▶ What to work on
In the copy, keep every line below as it is and leave out the pictures.

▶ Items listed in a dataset
==========

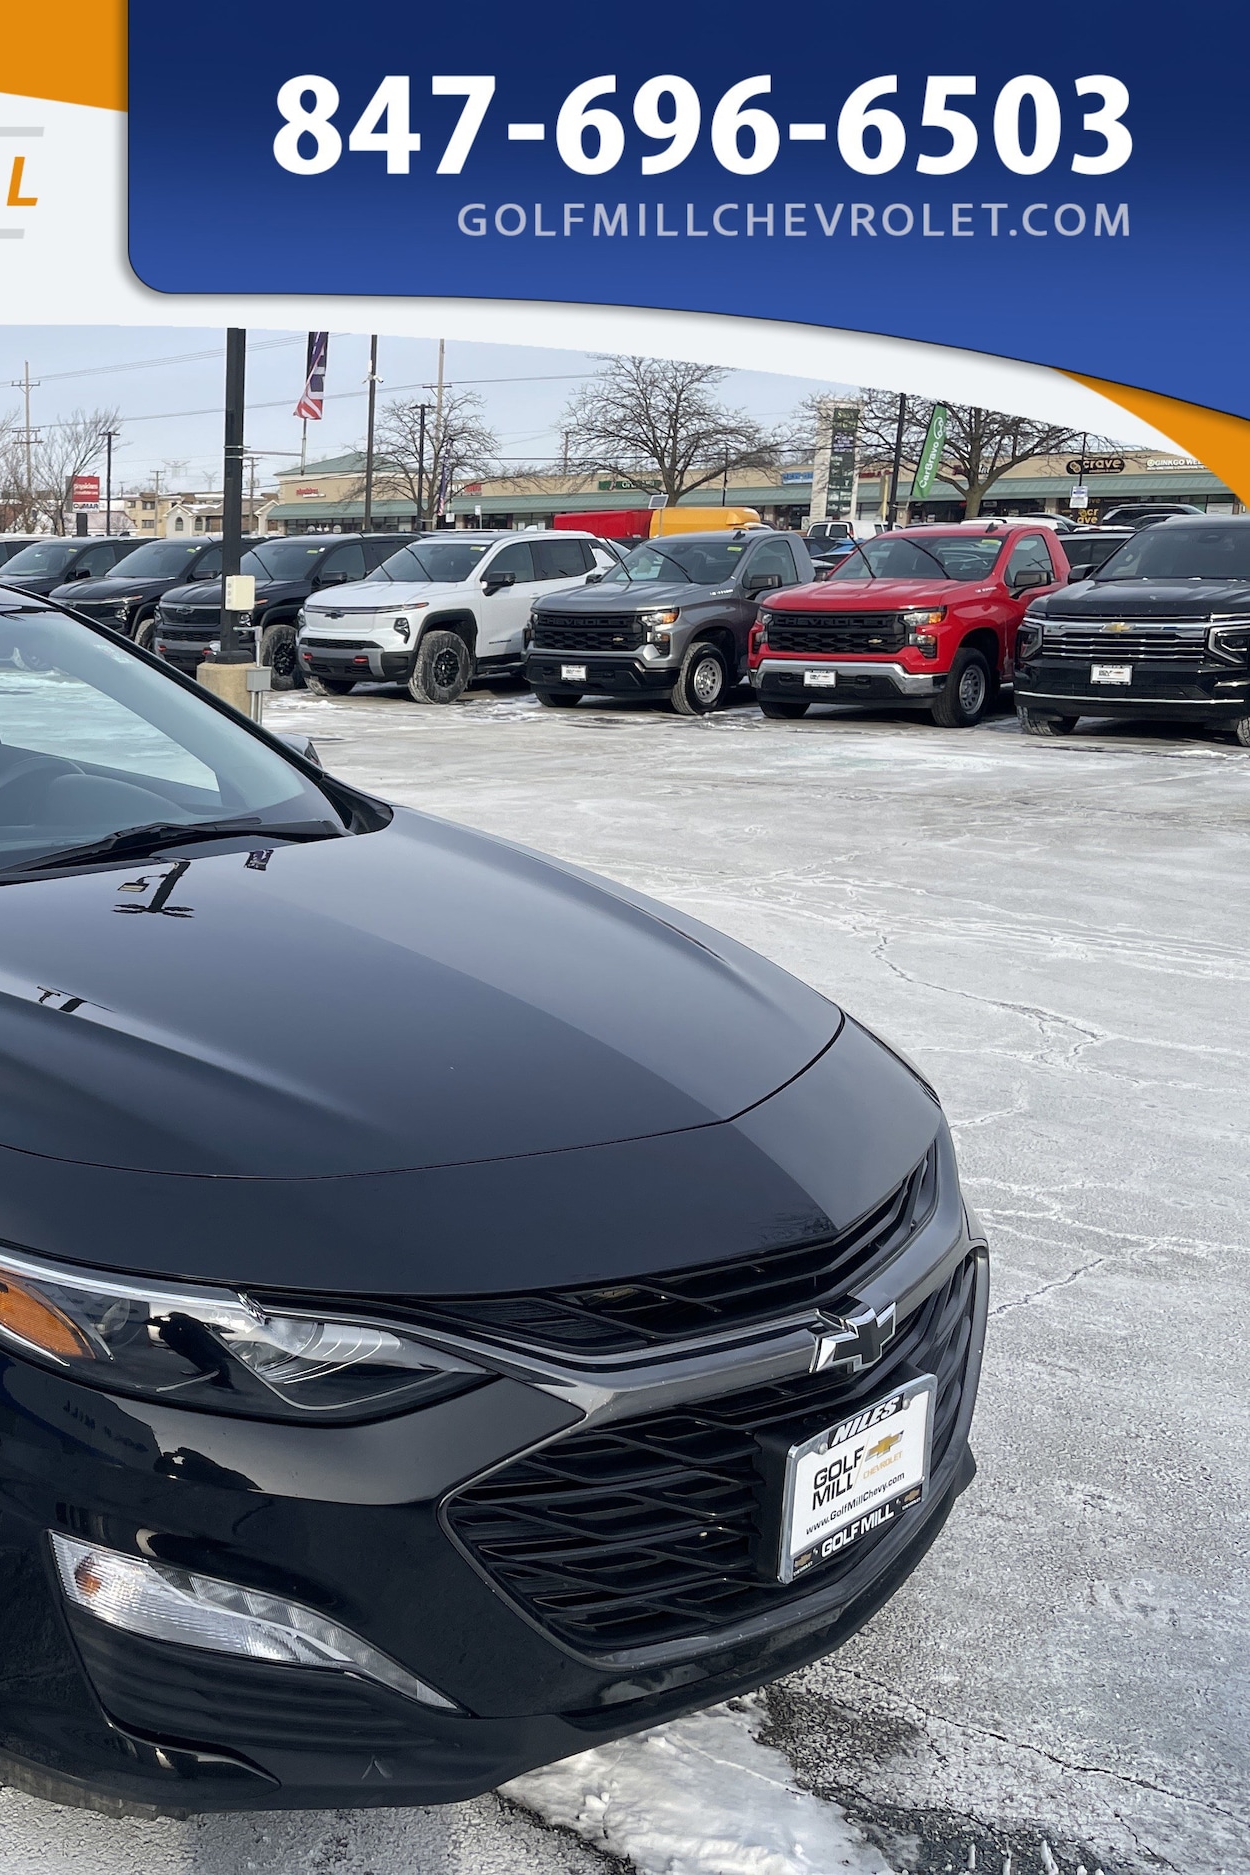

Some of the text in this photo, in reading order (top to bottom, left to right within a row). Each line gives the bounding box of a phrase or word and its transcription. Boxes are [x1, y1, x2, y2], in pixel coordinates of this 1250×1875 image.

[919, 441, 940, 488] CarBravo
[1082, 459, 1122, 469] crave
[1154, 459, 1185, 467] GINKGO
[831, 1396, 900, 1447] NILES
[813, 1445, 865, 1491] GOLF
[862, 1450, 904, 1481] CHEVROLET
[805, 1472, 905, 1537] www.GolfMillChevy.com
[811, 1473, 855, 1512] MILL
[821, 1503, 896, 1558] GOLF MILL
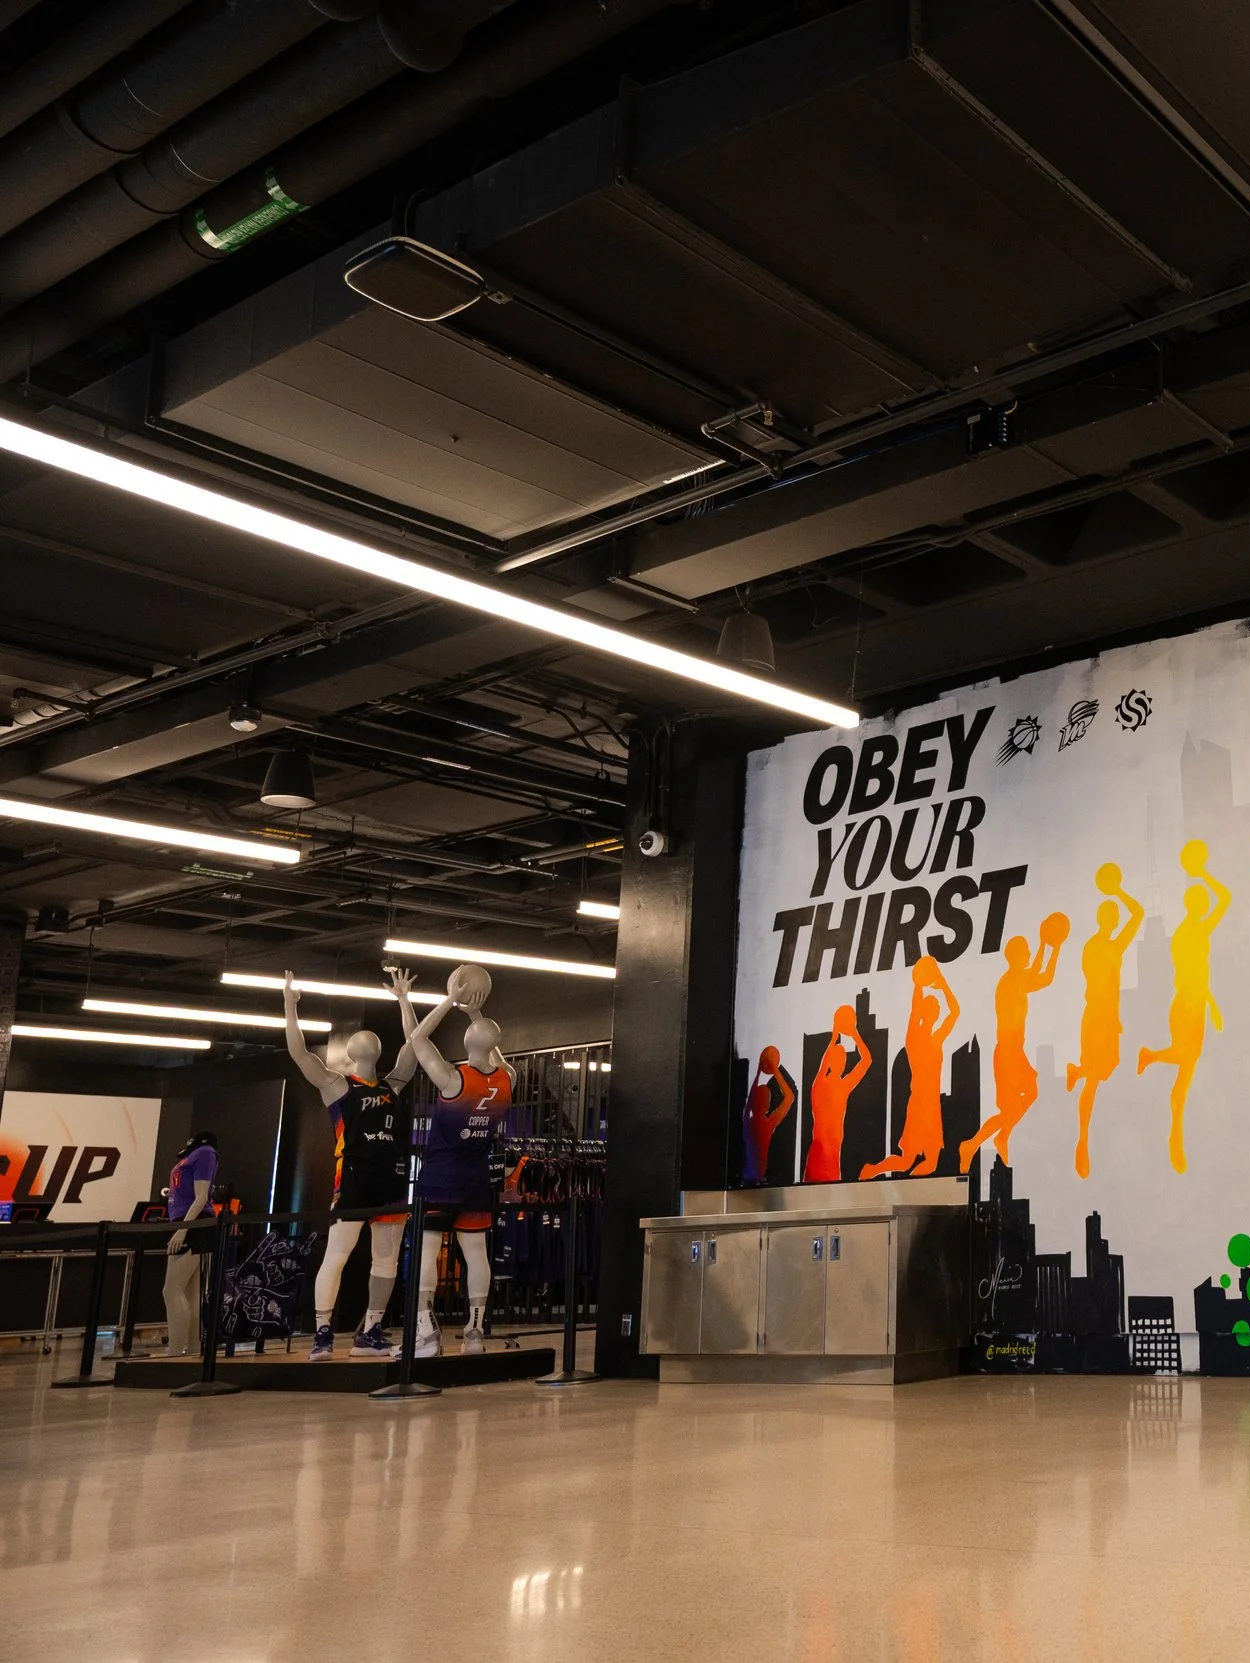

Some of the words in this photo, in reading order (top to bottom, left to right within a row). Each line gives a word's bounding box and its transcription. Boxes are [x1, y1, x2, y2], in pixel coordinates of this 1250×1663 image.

==========

▶ Answer for this exercise
Some of the text in this photo, in reading order (top to bottom, left to right within a row). Each line gives the bounding box of a phrase or word and its transcription. Boxes are [x1, y1, x2, y2], in pixel coordinates of this 1250×1875 image.

[919, 441, 940, 488] CarBravo
[1082, 459, 1122, 469] crave
[1154, 459, 1185, 467] GINKGO
[831, 1396, 900, 1447] NILES
[813, 1445, 865, 1491] GOLF
[862, 1450, 904, 1481] CHEVROLET
[805, 1472, 905, 1537] www.GolfMillChevy.com
[811, 1473, 855, 1512] MILL
[821, 1503, 896, 1558] GOLF MILL

Some of the words in this photo, in reading order (top to bottom, left to right within a row). Each line gives a word's bounding box and its transcription. Boxes are [x1, y1, x2, y2], in pixel coordinates of this 1250×1663 image.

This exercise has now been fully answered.